🤖 AI Summary
To address the low compression efficiency and weak modeling capability of neural methods for LiDAR point cloud reflectance attributes, this paper proposes SerLiC, a serialized compression framework. SerLiC is the first to map 3D point clouds into 1D sequences according to scan order, constructing contextual representations by fusing scan indices, radial distances, and prior reflectance. It introduces a device-centric modeling perspective and designs a dual-parallel Mamba state-space architecture to enable efficient autoregressive dependency modeling with minimal parameters. Experiments demonstrate that SerLiC achieves over 2× compression ratio, reduces bit-rate by 22% compared to SOTA methods, and requires only 2% of their parameter count. Its lightweight variant operates at 10.3 fps with merely 111K parameters, striking an exceptional balance among compression performance, real-time inference, and deployment efficiency.
📝 Abstract
Reflectance attributes in LiDAR point clouds provide essential information for downstream tasks but remain underexplored in neural compression methods.

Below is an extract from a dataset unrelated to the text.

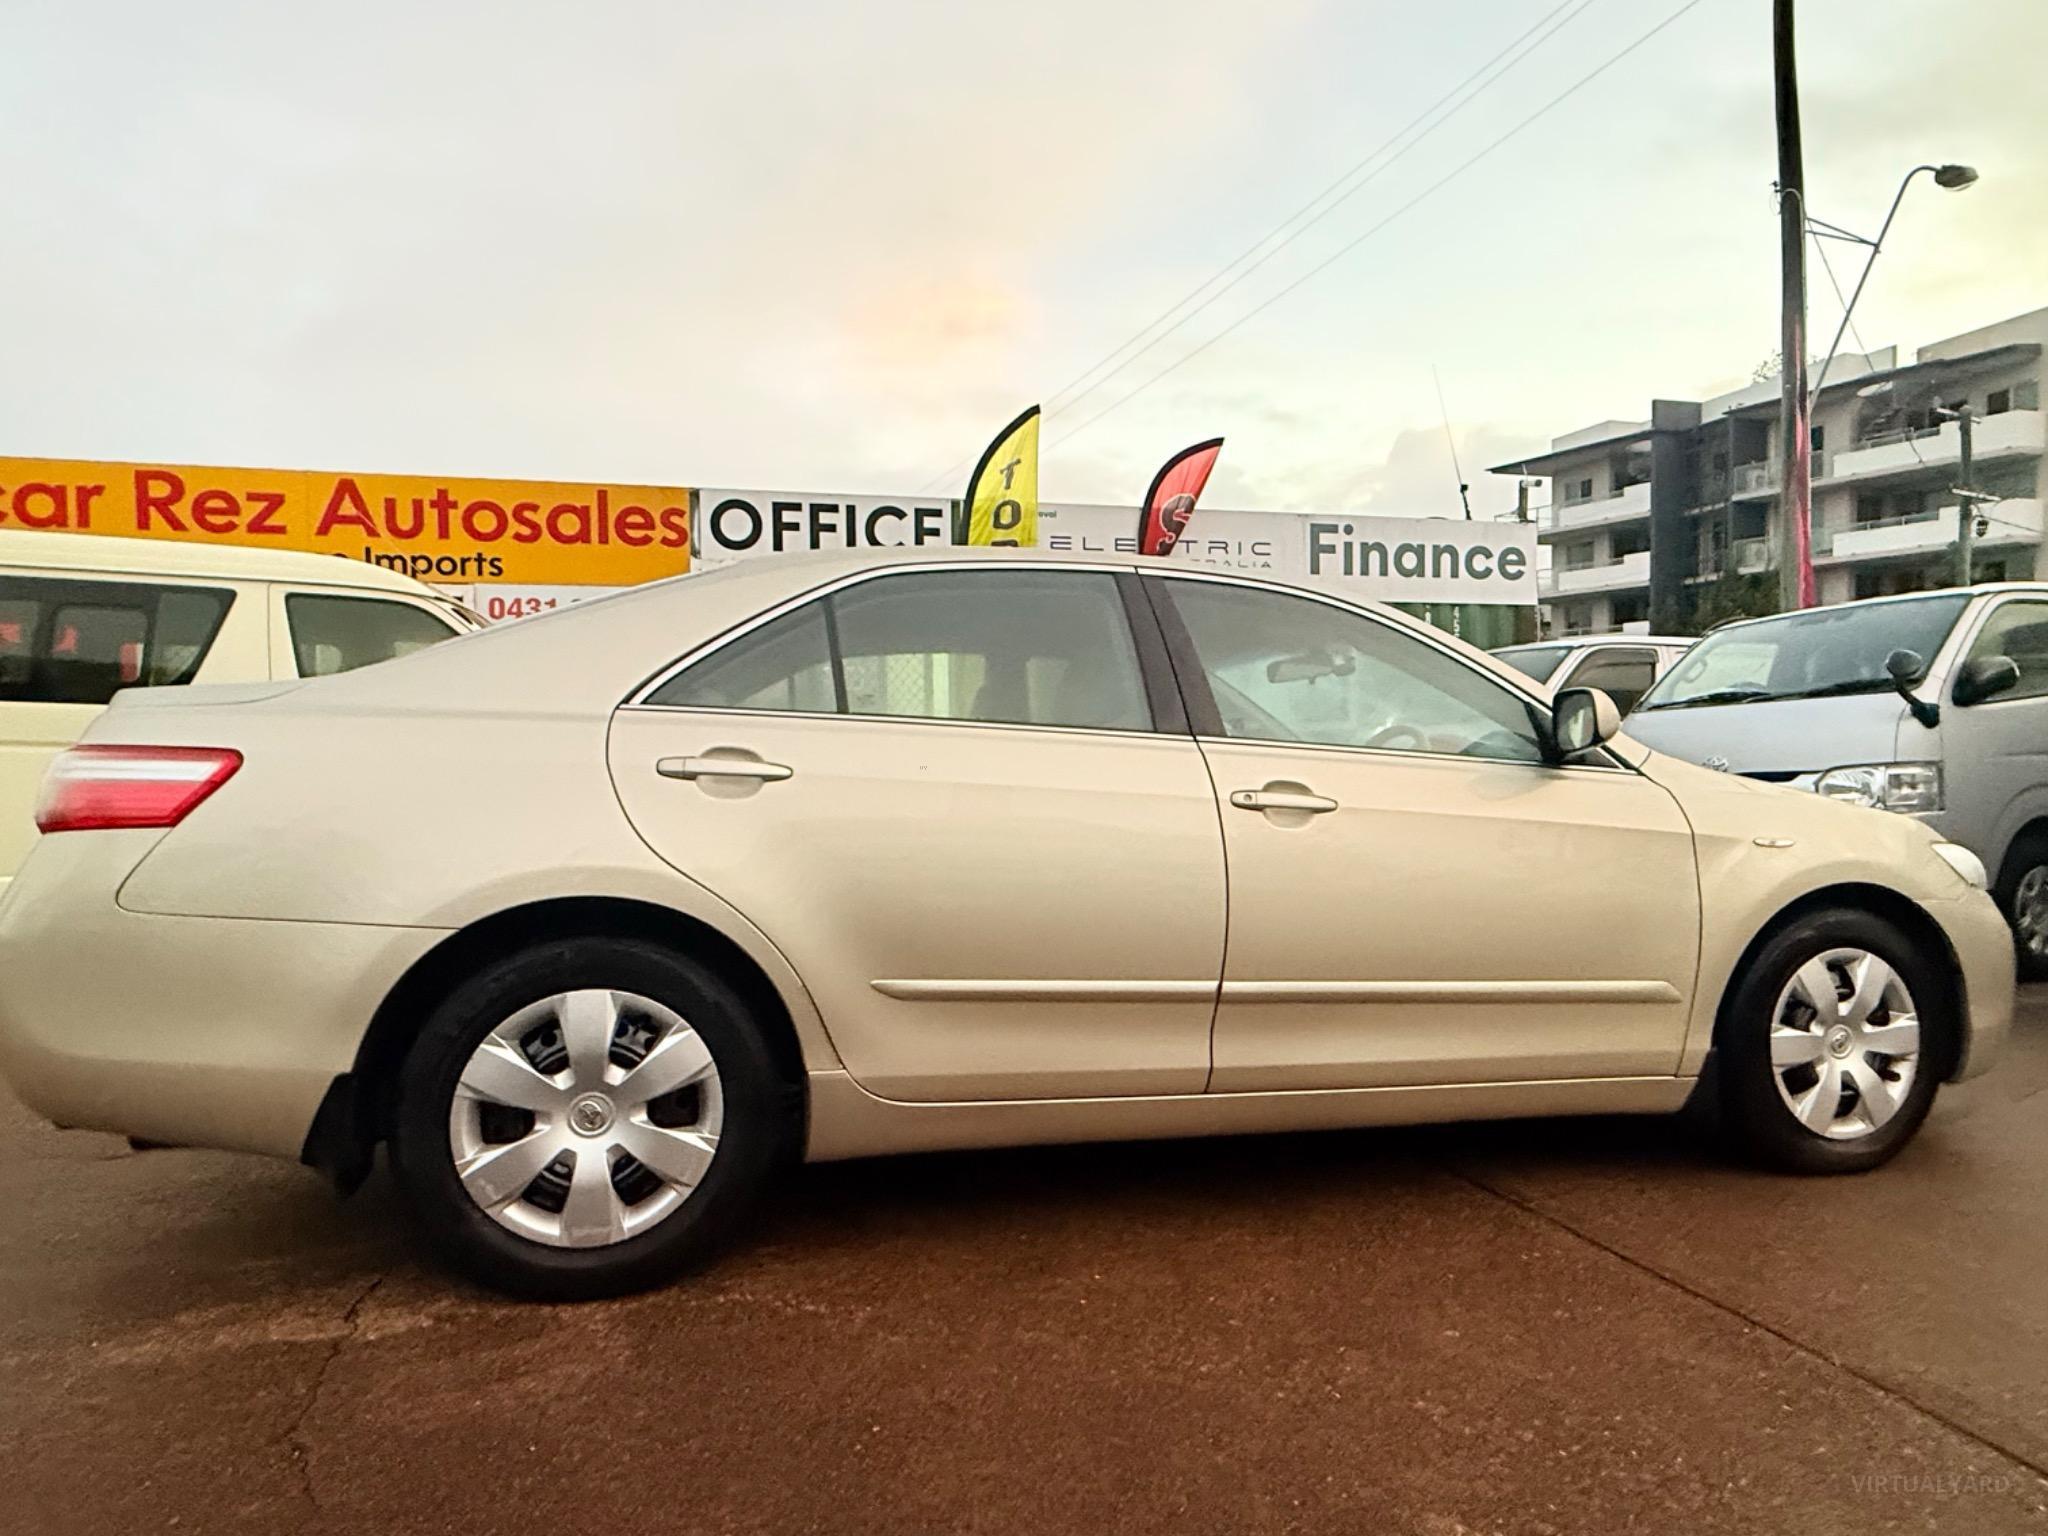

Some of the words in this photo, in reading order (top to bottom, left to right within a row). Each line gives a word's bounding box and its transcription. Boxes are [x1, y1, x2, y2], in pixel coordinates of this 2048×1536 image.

To address this, we introduce SerLiC, a serialization-based neural compression framework to fully exploit the intrinsic characteristics of LiDAR reflectance. SerLiC first transforms 3D LiDAR point clouds into 1D sequences via scan-order serialization, offering a device-centric perspective for reflectance analysis. Each point is then tokenized into a contextual representation comprising its sensor scanning index, radial distance, and prior reflectance, for effective dependencies exploration. For efficient sequential modeling, Mamba is incorporated with a dual parallelization scheme, enabling simultaneous autoregressive dependency capture and fast processing. Extensive experiments demonstrate that SerLiC attains over 2x volume reduction against the original reflectance data, outperforming the state-of-the-art method by up to 22% reduction of compressed bits while using only 2% of its parameters. Moreover, a lightweight version of SerLiC achieves>10 fps (frames per second) with just 111K parameters, which is attractive for real-world applications.